ACTION ITEM: Will you output the entries below exactly, skipping every image they contain?
-=-=-=-=-
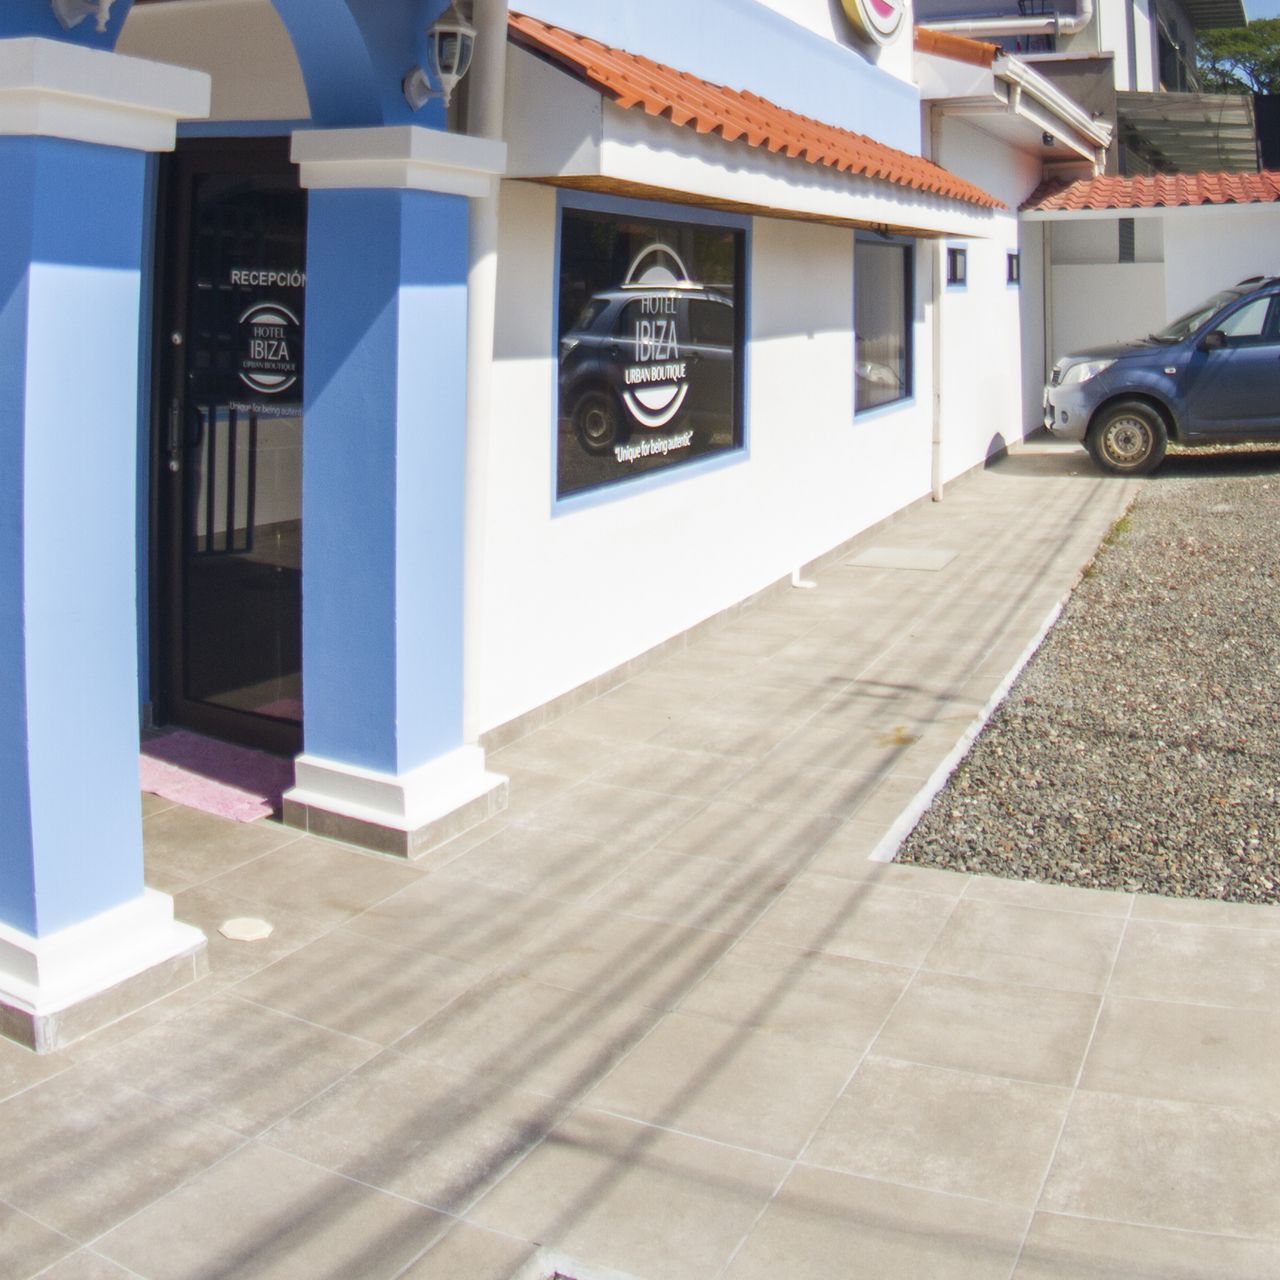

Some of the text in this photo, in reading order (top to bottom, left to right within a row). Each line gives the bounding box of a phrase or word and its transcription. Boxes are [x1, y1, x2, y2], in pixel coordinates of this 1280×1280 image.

[640, 296, 678, 315] HOTEL
[254, 326, 286, 339] HOTEL
[635, 320, 679, 363] IBIZA
[250, 339, 290, 361] IBIZA
[625, 363, 687, 385] URBAN BOUTIQUE
[650, 438, 668, 456] being
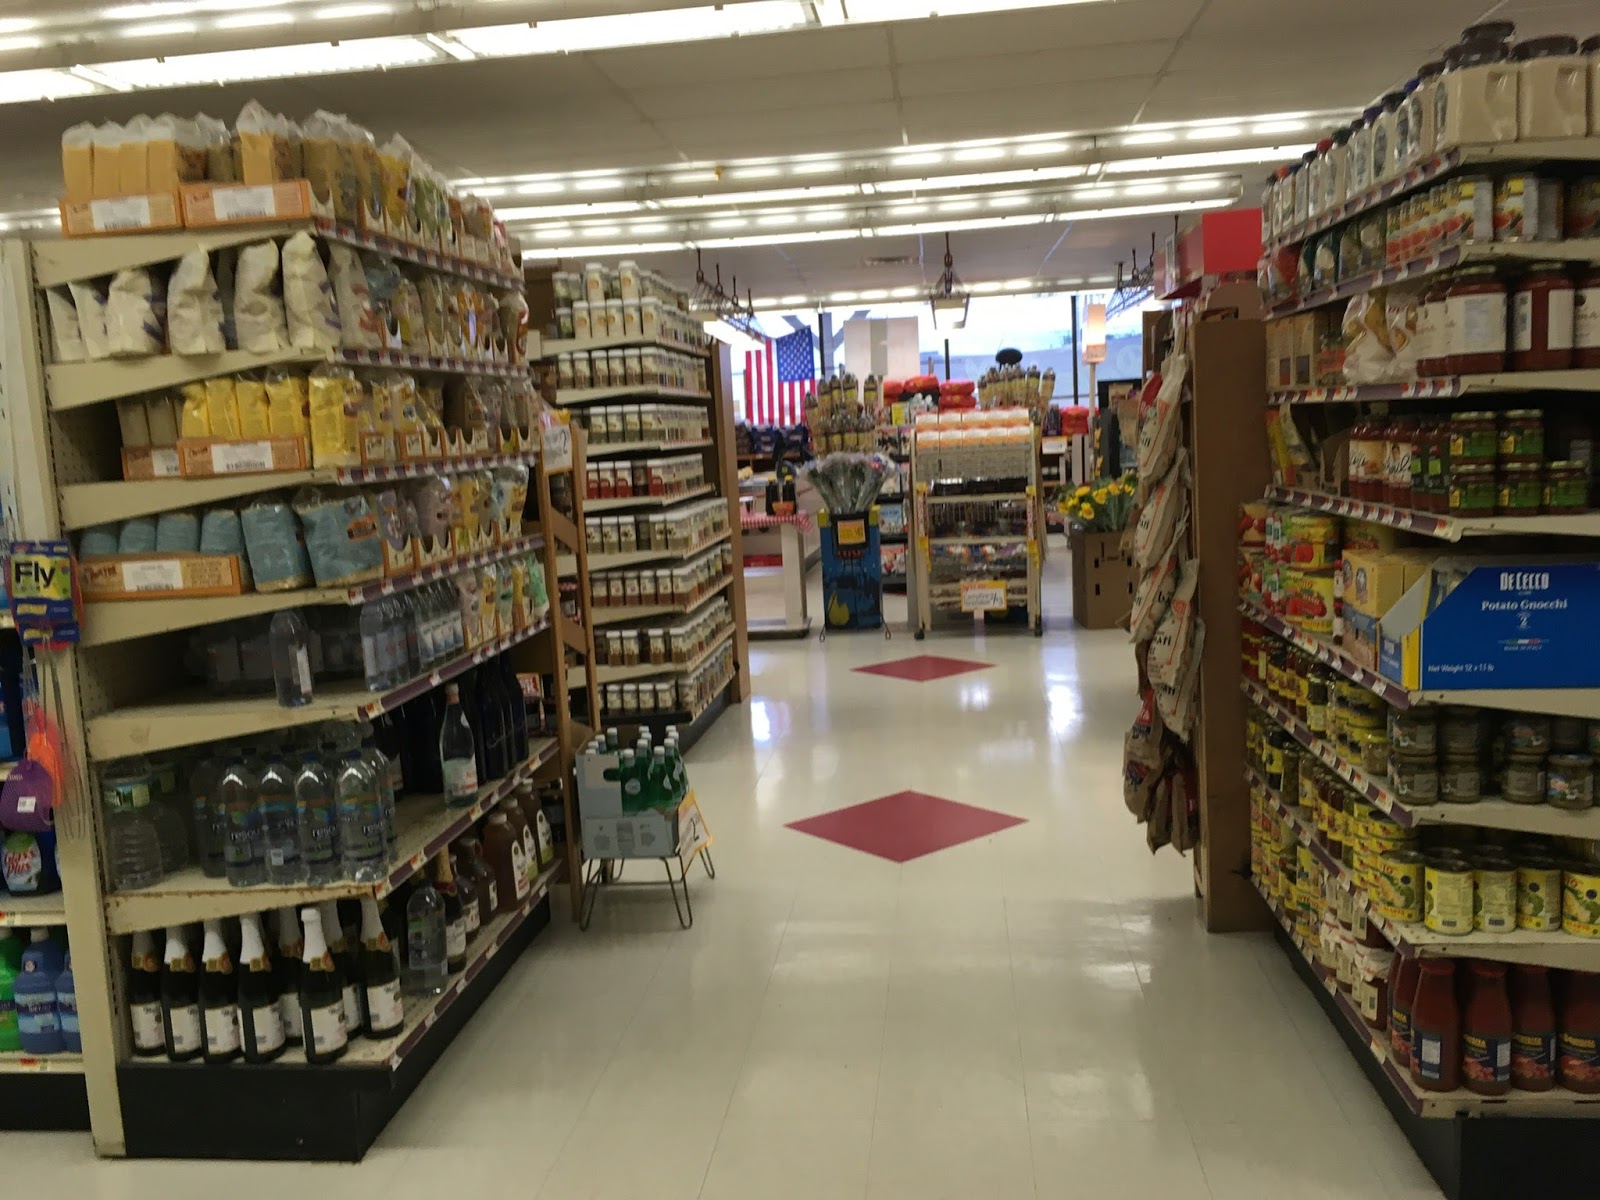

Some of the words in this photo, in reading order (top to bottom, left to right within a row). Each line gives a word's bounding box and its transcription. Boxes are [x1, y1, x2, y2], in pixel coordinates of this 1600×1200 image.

[15, 562, 55, 589] Fly
[1481, 600, 1518, 612] Potato
[1520, 598, 1568, 611] Gnocchi
[1519, 616, 1529, 628] 2
[1428, 664, 1440, 672] Net
[1441, 664, 1463, 673] Weight
[1465, 663, 1472, 672] 12
[6, 862, 31, 878] Plus
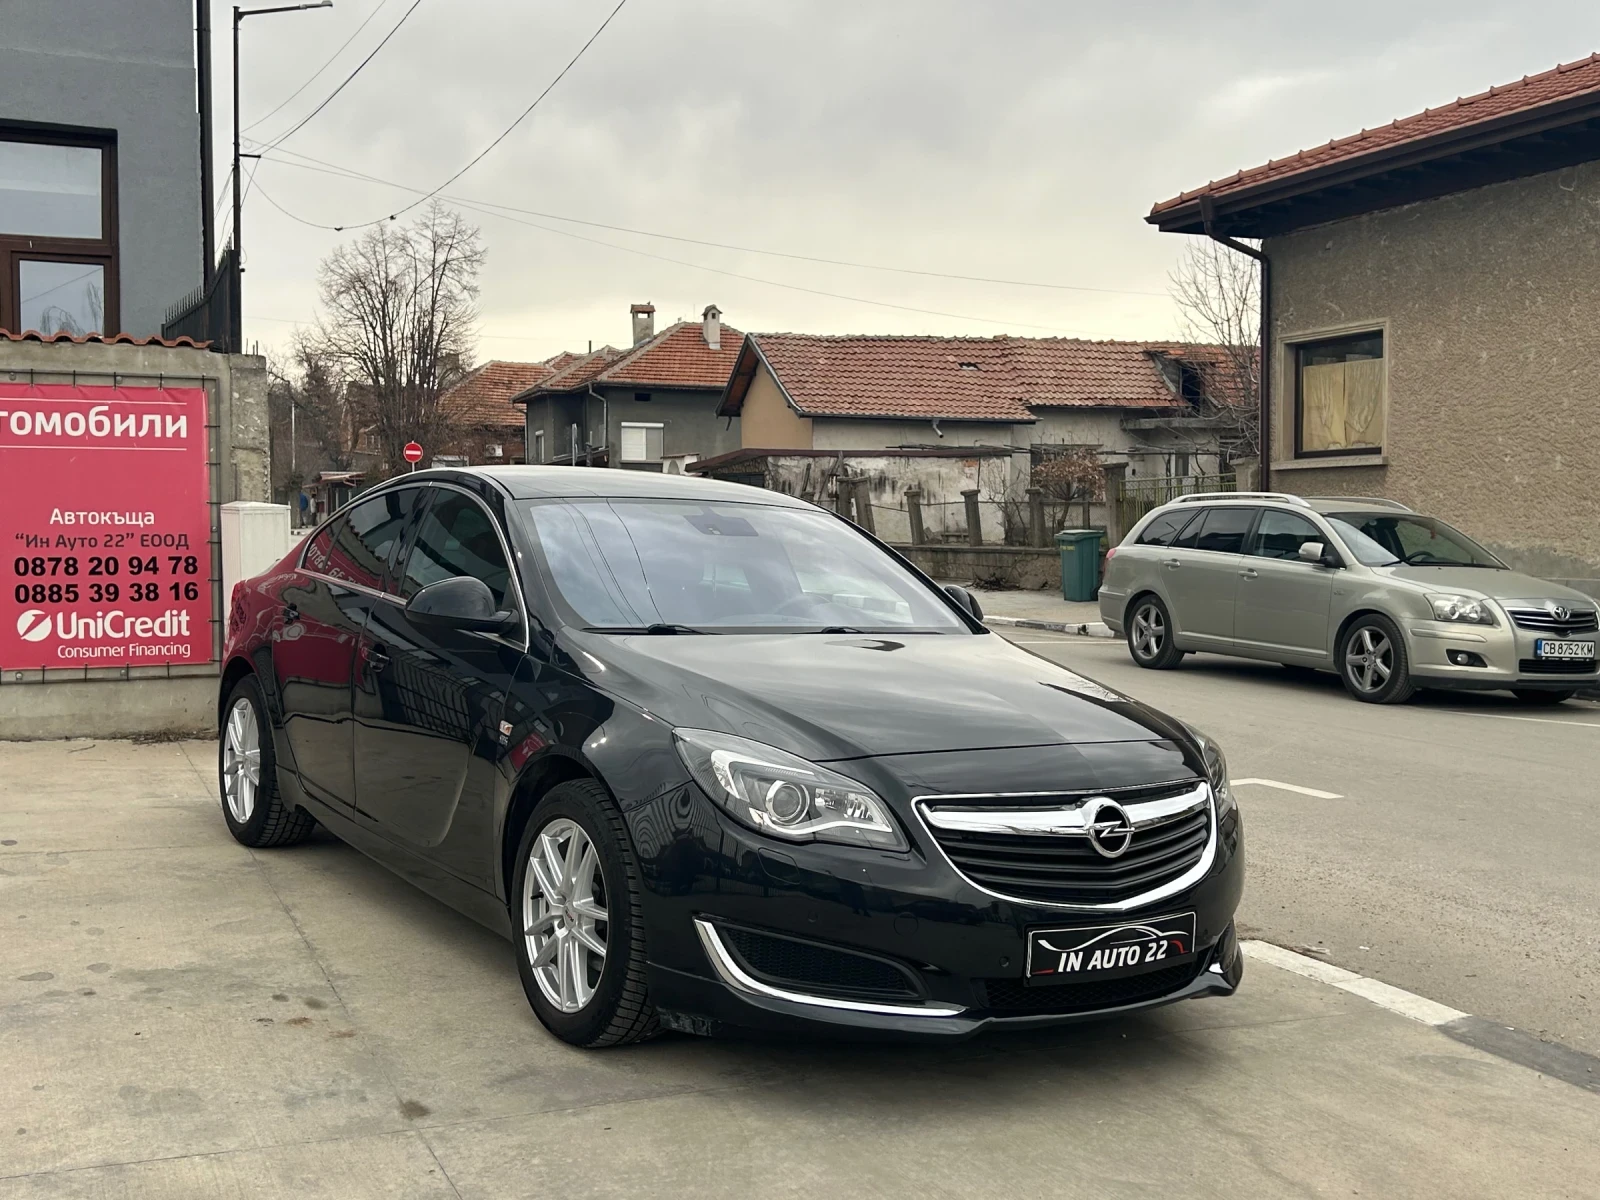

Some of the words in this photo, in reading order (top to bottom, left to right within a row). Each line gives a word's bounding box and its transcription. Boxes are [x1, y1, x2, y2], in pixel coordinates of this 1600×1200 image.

[50, 508, 155, 527] Автокъща
[55, 534, 98, 551] Ауто
[140, 533, 189, 550] ЕООД
[14, 556, 79, 577] 0878
[88, 557, 119, 577] 20
[128, 557, 160, 576] 94
[167, 556, 199, 575] 78
[14, 583, 80, 604] 0885
[88, 583, 120, 603] 39
[128, 583, 160, 602] 38
[169, 582, 199, 602] 16
[56, 609, 190, 640] UniCredit
[57, 645, 126, 658] Consumer
[129, 643, 191, 657] Financing
[1557, 642, 1579, 656] 8752
[1057, 952, 1083, 973] IN
[1087, 946, 1141, 970] AUTO
[1144, 940, 1168, 963] 22
-=-=-=-=-
ANSWER SECTION:
Some of the text in this photo, in reading order (top to bottom, left to right within a row). Each line gives the bounding box of a phrase or word and its transcription. Boxes are [x1, y1, x2, y2], in pixel coordinates of this 1280×1280 image.

[640, 296, 678, 315] HOTEL
[254, 326, 286, 339] HOTEL
[635, 320, 679, 363] IBIZA
[250, 339, 290, 361] IBIZA
[625, 363, 687, 385] URBAN BOUTIQUE
[650, 438, 668, 456] being

Some of the words in this photo, in reading order (top to bottom, left to right within a row). Each line gives a word's bounding box and its transcription. Boxes are [x1, y1, x2, y2], in pixel coordinates of this 1600×1200 image.

[15, 562, 55, 589] Fly
[1481, 600, 1518, 612] Potato
[1520, 598, 1568, 611] Gnocchi
[1519, 616, 1529, 628] 2
[1428, 664, 1440, 672] Net
[1441, 664, 1463, 673] Weight
[1465, 663, 1472, 672] 12
[6, 862, 31, 878] Plus

Some of the words in this photo, in reading order (top to bottom, left to right within a row). Each line gives a word's bounding box and its transcription. Boxes are [x1, y1, x2, y2], in pixel coordinates of this 1600×1200 image.

[50, 508, 155, 527] Автокъща
[55, 534, 98, 551] Ауто
[140, 533, 189, 550] ЕООД
[14, 556, 79, 577] 0878
[88, 557, 119, 577] 20
[128, 557, 160, 576] 94
[167, 556, 199, 575] 78
[14, 583, 80, 604] 0885
[88, 583, 120, 603] 39
[128, 583, 160, 602] 38
[169, 582, 199, 602] 16
[56, 609, 190, 640] UniCredit
[57, 645, 126, 658] Consumer
[129, 643, 191, 657] Financing
[1557, 642, 1579, 656] 8752
[1057, 952, 1083, 973] IN
[1087, 946, 1141, 970] AUTO
[1144, 940, 1168, 963] 22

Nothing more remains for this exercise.